A Zoom-facilitated love-in was celebrated by nearly two-dozen cast and crew members of Alejandro González Iñárritu’s Amores Perros, which has been given a major technical overhaul on the occasion of its 20th birthday. The director’s first feature, which won the top prize in the Critics Week sidebar at the 2000 Cannes Film Festival, has become the beneficiary of a 4K digital restoration and a 5.1 surround DTS-HD remix that Criterion will release in December, as well as a hoped-for public premiere in Morelia.

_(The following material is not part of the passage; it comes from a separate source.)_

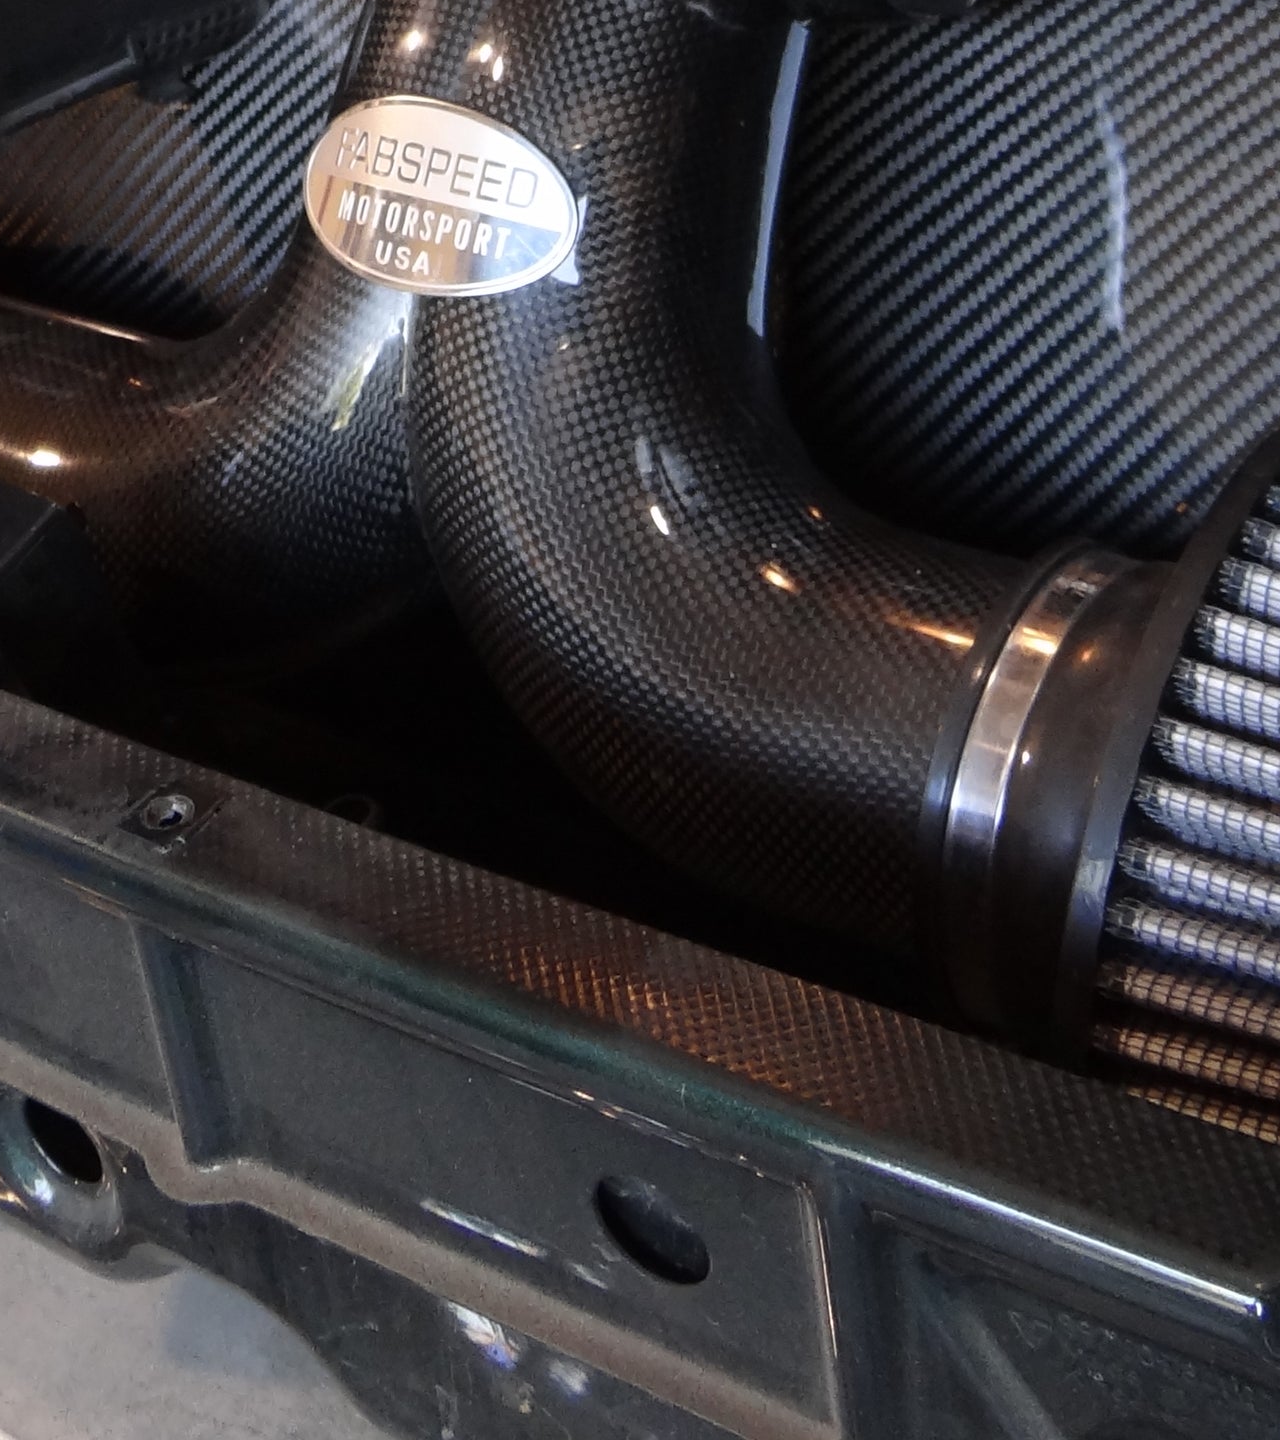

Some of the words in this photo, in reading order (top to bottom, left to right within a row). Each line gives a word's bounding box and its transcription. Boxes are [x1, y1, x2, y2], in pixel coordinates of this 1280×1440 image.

[336, 127, 539, 209] FABSPEED
[337, 189, 513, 260] MOTORSPORT
[374, 239, 431, 276] USA
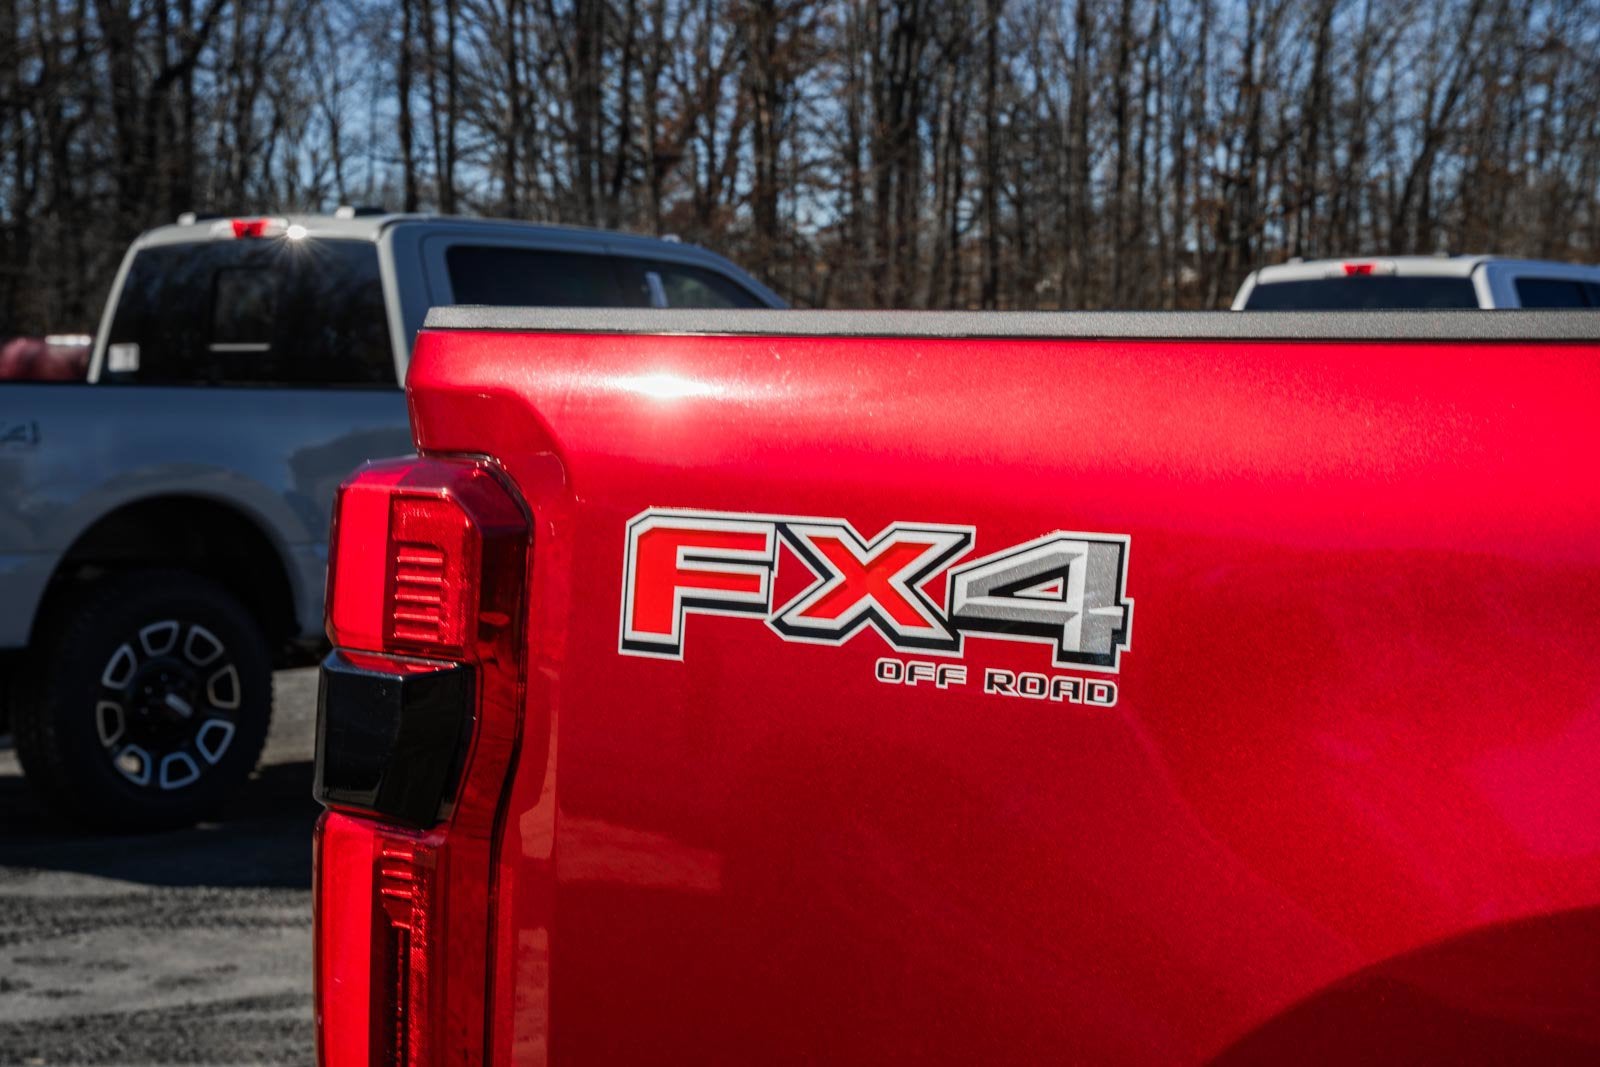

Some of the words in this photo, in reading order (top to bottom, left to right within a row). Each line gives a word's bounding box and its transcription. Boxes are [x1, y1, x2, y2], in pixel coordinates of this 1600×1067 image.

The Wednesday afternoon event was a relaxed affair that gave many participants the opportunity to thank the director who helped re-energize the Mexican film industry with a vital and edgy drama that told three stories linked to a Mexico City auto accident, one of them notoriously involving fighting dogs and the gambling underworld. The film instantly launched its director into a major international career that saw him win Oscars in back-to-back years for Birdman and The Revenant.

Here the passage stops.